#### MATERIAL PROVIDED
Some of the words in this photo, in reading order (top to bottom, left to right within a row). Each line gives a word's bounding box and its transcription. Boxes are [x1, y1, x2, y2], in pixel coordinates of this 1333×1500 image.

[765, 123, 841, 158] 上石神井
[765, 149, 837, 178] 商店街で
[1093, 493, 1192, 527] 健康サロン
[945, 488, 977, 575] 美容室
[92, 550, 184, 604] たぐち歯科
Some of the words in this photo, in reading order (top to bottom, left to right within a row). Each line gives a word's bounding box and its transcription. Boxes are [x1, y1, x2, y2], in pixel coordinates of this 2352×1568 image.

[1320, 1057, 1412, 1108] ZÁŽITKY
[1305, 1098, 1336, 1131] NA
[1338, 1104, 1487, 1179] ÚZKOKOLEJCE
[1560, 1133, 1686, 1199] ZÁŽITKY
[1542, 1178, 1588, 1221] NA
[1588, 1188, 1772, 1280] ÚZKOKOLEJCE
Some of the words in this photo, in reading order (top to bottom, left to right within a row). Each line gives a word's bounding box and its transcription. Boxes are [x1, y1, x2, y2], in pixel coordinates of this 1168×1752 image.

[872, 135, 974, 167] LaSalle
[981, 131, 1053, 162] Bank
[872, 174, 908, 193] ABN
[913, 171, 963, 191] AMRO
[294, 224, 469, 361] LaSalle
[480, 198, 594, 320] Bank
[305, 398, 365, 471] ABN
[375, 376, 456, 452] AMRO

#### ASSIGNED TASK
Your answer must be the full listing, copied exactly.

#### OUTPUT OF THE EXERCISE
Some of the words in this photo, in reading order (top to bottom, left to right within a row). Each line gives a word's bounding box and its transcription. Boxes are [x1, y1, x2, y2], in pixel coordinates of this 1333×1500 image.

[765, 123, 841, 158] 上石神井
[765, 149, 837, 178] 商店街で
[1093, 493, 1192, 527] 健康サロン
[945, 488, 977, 575] 美容室
[92, 550, 184, 604] たぐち歯科
Some of the words in this photo, in reading order (top to bottom, left to right within a row). Each line gives a word's bounding box and its transcription. Boxes are [x1, y1, x2, y2], in pixel coordinates of this 2352×1568 image.

[1320, 1057, 1412, 1108] ZÁŽITKY
[1305, 1098, 1336, 1131] NA
[1338, 1104, 1487, 1179] ÚZKOKOLEJCE
[1560, 1133, 1686, 1199] ZÁŽITKY
[1542, 1178, 1588, 1221] NA
[1588, 1188, 1772, 1280] ÚZKOKOLEJCE
Some of the words in this photo, in reading order (top to bottom, left to right within a row). Each line gives a word's bounding box and its transcription. Boxes are [x1, y1, x2, y2], in pixel coordinates of this 1168×1752 image.

[872, 135, 974, 167] LaSalle
[981, 131, 1053, 162] Bank
[872, 174, 908, 193] ABN
[913, 171, 963, 191] AMRO
[294, 224, 469, 361] LaSalle
[480, 198, 594, 320] Bank
[305, 398, 365, 471] ABN
[375, 376, 456, 452] AMRO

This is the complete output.